* [Records from a dataset]
┄┄┄┄┄┄┄┄┄┄┄┄┄┄┄┄┄┄┄┄

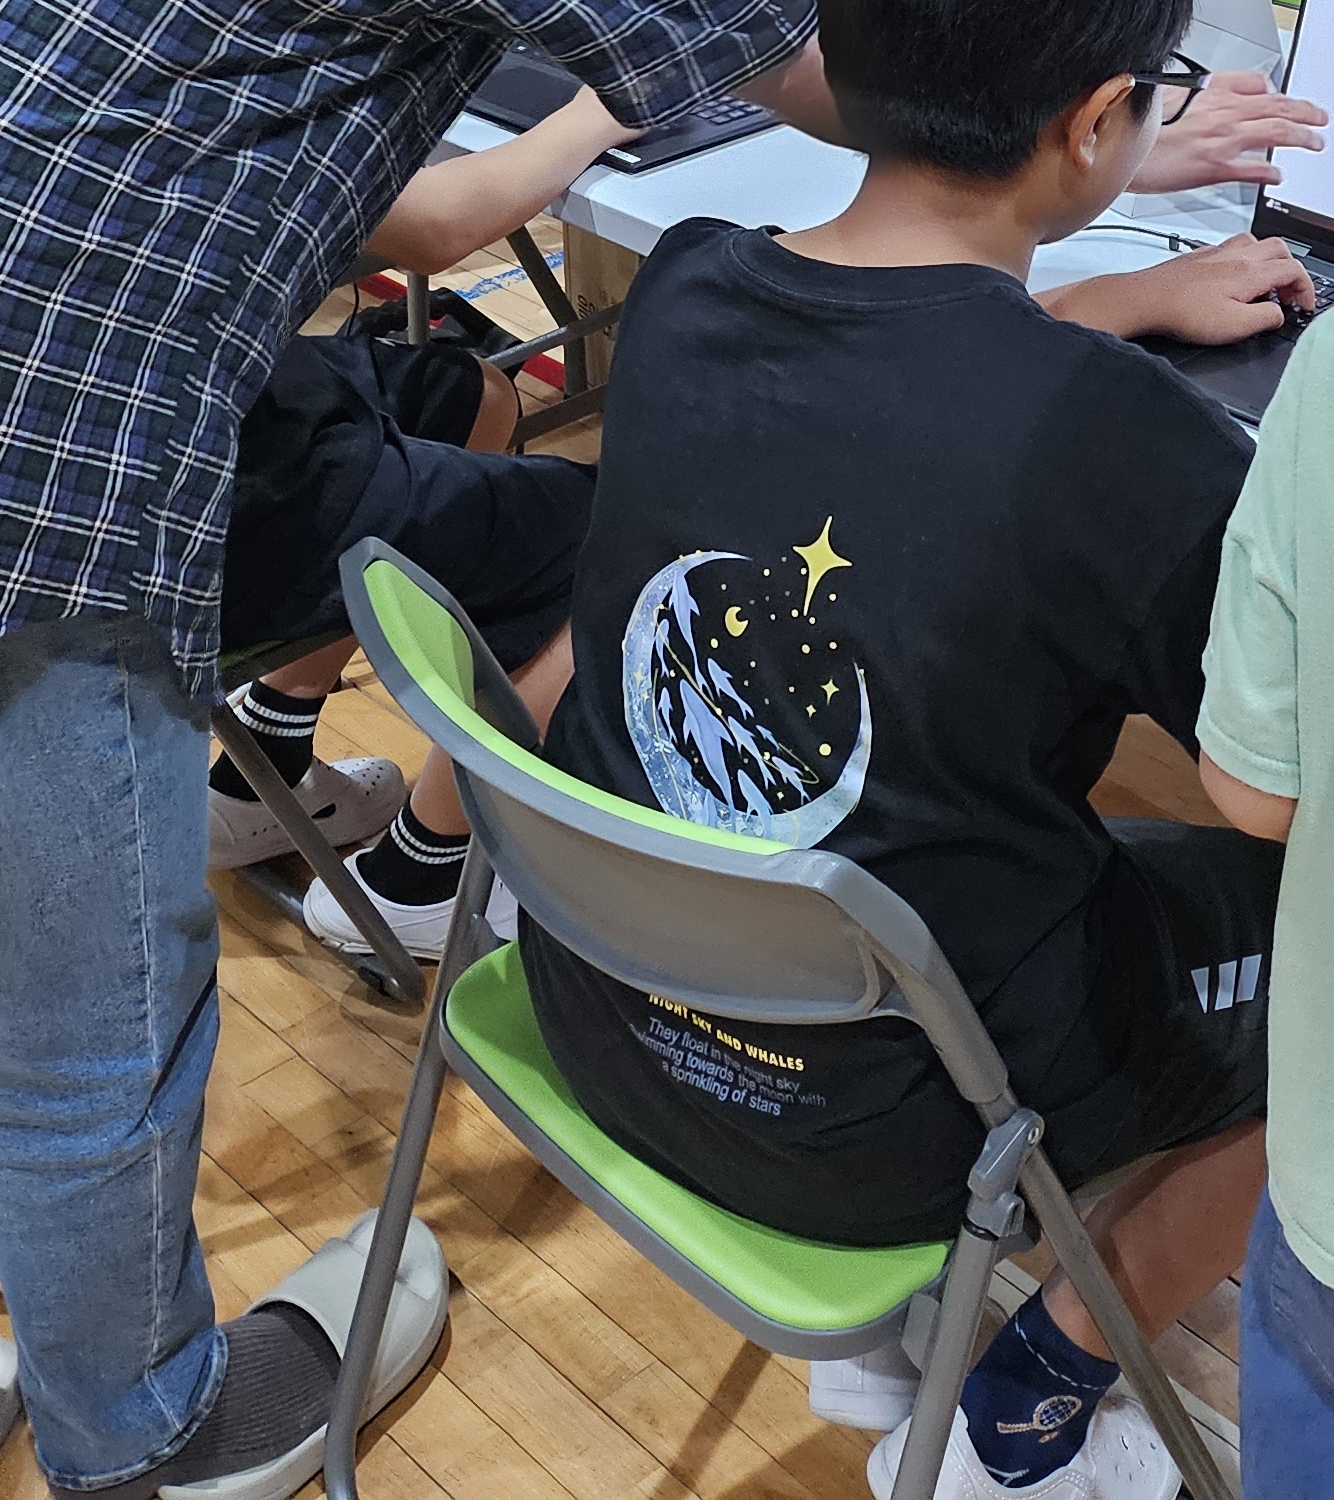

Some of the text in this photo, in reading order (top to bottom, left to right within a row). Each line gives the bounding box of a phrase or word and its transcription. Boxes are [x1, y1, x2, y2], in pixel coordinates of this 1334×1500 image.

[648, 993, 805, 1071] NIGHT SKY AND WHALES
[649, 1017, 680, 1046] They
[682, 1032, 709, 1055] float
[711, 1044, 722, 1060] in
[776, 1077, 800, 1094] sky
[662, 1061, 781, 1116] a sprinkling of stars
[686, 1051, 734, 1082] towards
[738, 1073, 756, 1091] the
[759, 1085, 794, 1104] moon
[798, 1092, 826, 1107] with

┄┄┄┄┄┄┄┄┄┄┄┄┄┄┄┄┄┄┄┄

* [Work request] Write the entries above out again exactly, but not the pictures.

* [Result of the exercise]
Some of the text in this photo, in reading order (top to bottom, left to right within a row). Each line gives the bounding box of a phrase or word and its transcription. Boxes are [x1, y1, x2, y2], in pixel coordinates of this 1334×1500 image.

[648, 993, 805, 1071] NIGHT SKY AND WHALES
[649, 1017, 680, 1046] They
[682, 1032, 709, 1055] float
[711, 1044, 722, 1060] in
[776, 1077, 800, 1094] sky
[662, 1061, 781, 1116] a sprinkling of stars
[686, 1051, 734, 1082] towards
[738, 1073, 756, 1091] the
[759, 1085, 794, 1104] moon
[798, 1092, 826, 1107] with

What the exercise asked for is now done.